Regular nature trips can be key for some recovering individuals who find it hard to find some quiet time. For those that may not have such an opportunity, even a short trip to a park or to the beach can temporarily boost one’s mood.

3. Moderate exercise

We all know that exercise is important for maintaining a physically fit body. However, for most people, it can be a key part of having a healthy and resilient mind. Because of how closely the mind and body are linked, having a healthy body will almost always benefit a person’s emotions and executive functions.

It’s worth noting that exercise is one of the oldest proven therapies out there for treating substance use disorder and related psychiatric conditions like depression, anxiety, and PTSD. There is evidence that exercise can break the trauma cycle, which can allow a recovering individual to move on from their rut and become more proactive in their recovery.

Exercise also helps bleed off nervous energy which recovering individuals often have. Moderate to intense exercise results in a natural high that could be an excellent, wholesome substitute for those given by dangerous substances. Exercise is also proven to help sleep, another issue individuals with substance use disorders often have trouble with.

4. Yoga

Yoga combines focused meditative practices with exercise, making it a particularly potent supplemental therapy for recovering individuals. Unlike many other exercises, yoga can be done by people of all fitness levels and can be as much of a workout as one needs it to be.

The main benefit of yoga over other exercises is that it actively engages the mind as one goes through the poses, which in themselves, can also be physically demanding. It combines the benefits of meditation and exercise in a holistic practice that is well-suited for recovering individuals of all physical conditions and financial means.

5. Owning a pet

We have to preface this by saying that owning a pet is not a responsibility to take lightly. However, for the right people, having that added responsibility is precisely the thing they need.
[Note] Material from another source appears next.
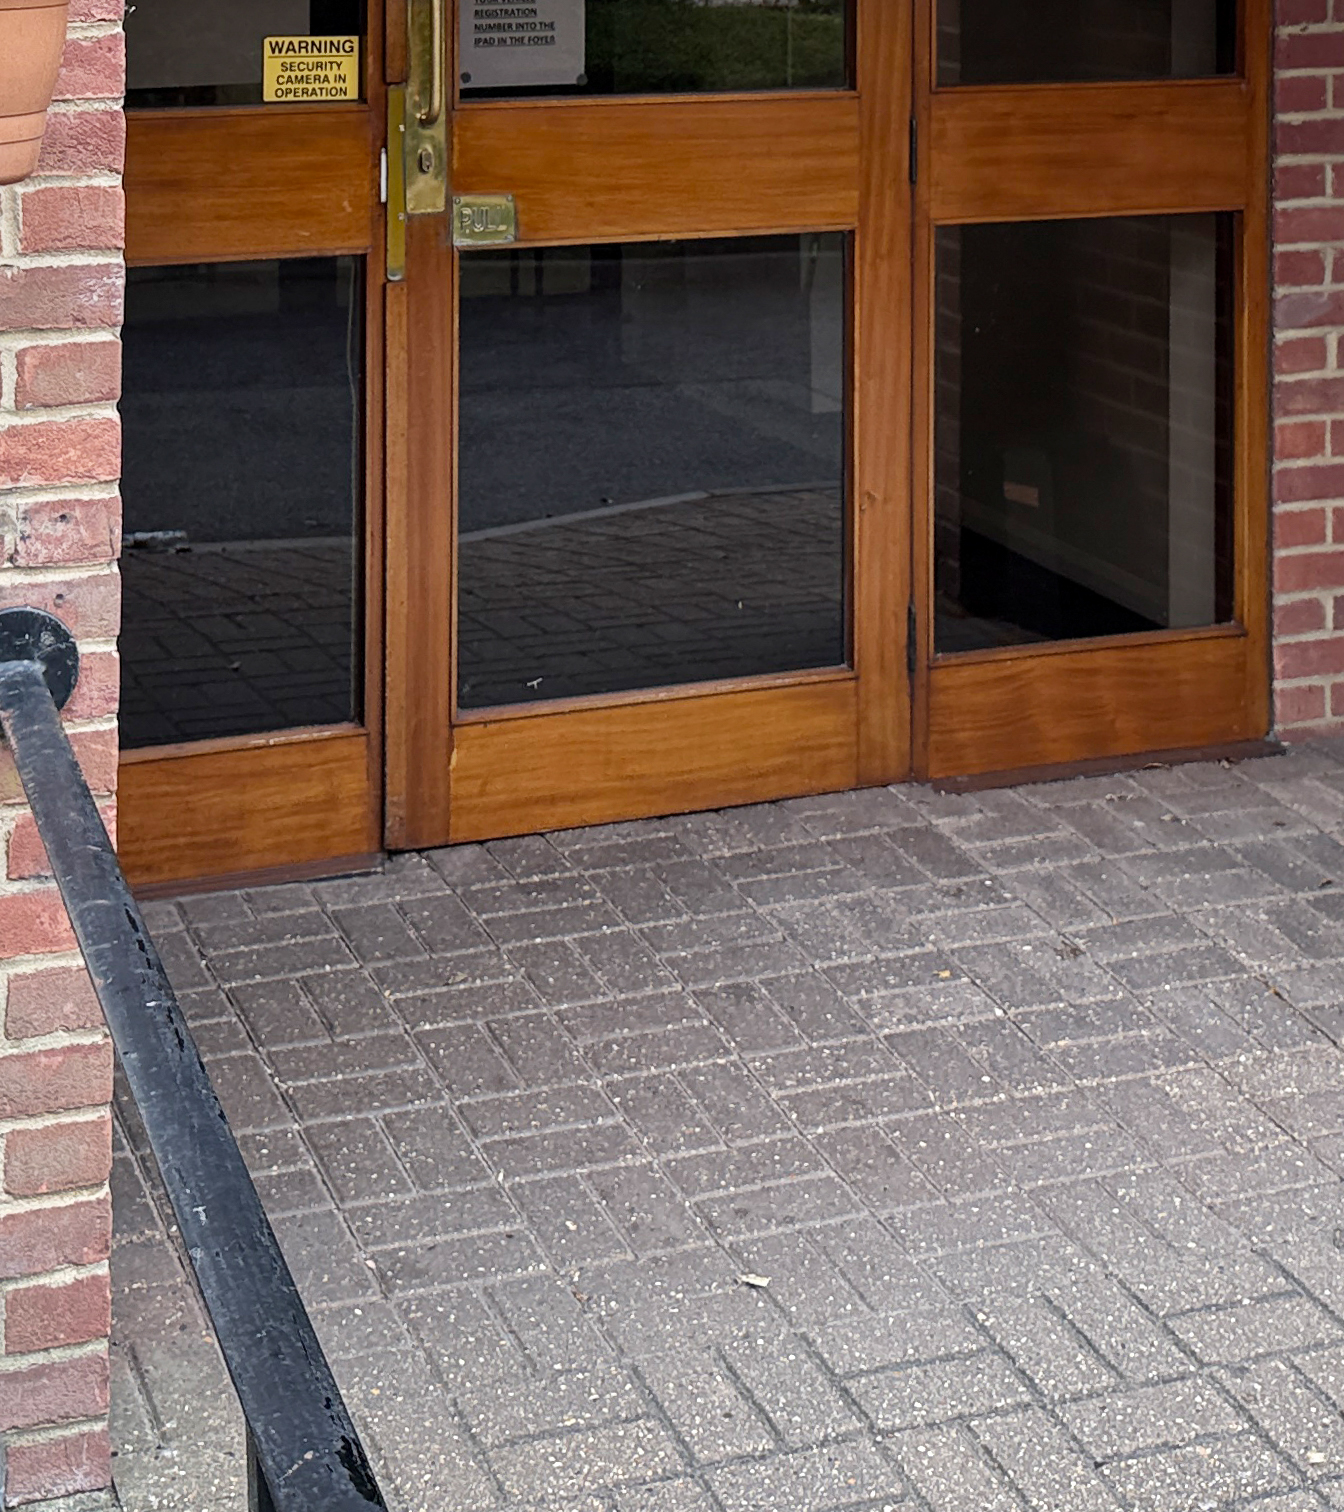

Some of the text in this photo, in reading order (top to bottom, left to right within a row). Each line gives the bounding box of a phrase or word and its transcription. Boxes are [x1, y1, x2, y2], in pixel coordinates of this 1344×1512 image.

Individuals recovering from substance use disorder and other psychiatric conditions tend to report being happier, less anxious, and less depressed.

If the individual is prepared to properly take on the responsibility of caring for another life, they might find taking care of a pet to be one of the most beneficial things they could do for their recovery. If owning a pet is out of the question, volunteering at an animal shelter can be a viable alternative.

6. Journaling

It can be difficult for recovering individuals to objectively assess their emotional state if they do not somehow express it. A daily journal can help one better understand their current emotional and mental state and can also be a handy way to track progress. Journaling can also be useful for helping patients and clinicians better understand how effective different treatment approaches are, allowing them to change therapy and medication as needed.

7. Expressive arts

Not everything that one wants to say can be accurately described in a journal entry. Emotions can be complex and conflicted, and being able to express them in ways that one feels comfortable with can be helpful in one’s journey through recovery.

Dance, music, visual arts, poetry, writing, and other creative activities can offer a way for individuals recovering from SUD to express themselves, which can be key to moving on from trauma and healing. Most of these activities may also come with a socialization aspect, which, for some people, can further improve their mental state as well.

Conclusion

While these practices are largely proven to be beneficial, they should only be considered as a supplementary treatment for substance use disorder after consulting with a qualified clinician. Cognitive-behavioral therapy, group counseling, medication-assisted therapy, other mainstream treatment approaches are still the most effective at helping individuals with SUD maintain a sustainable recovery.

On the other hand, these activities cost very little to get into and they have proven synergistic effects with conventional therapy approaches. All of these approaches are commonplace in substance rehab facilities all over the country, which is a testament to their usefulness in helping recovery.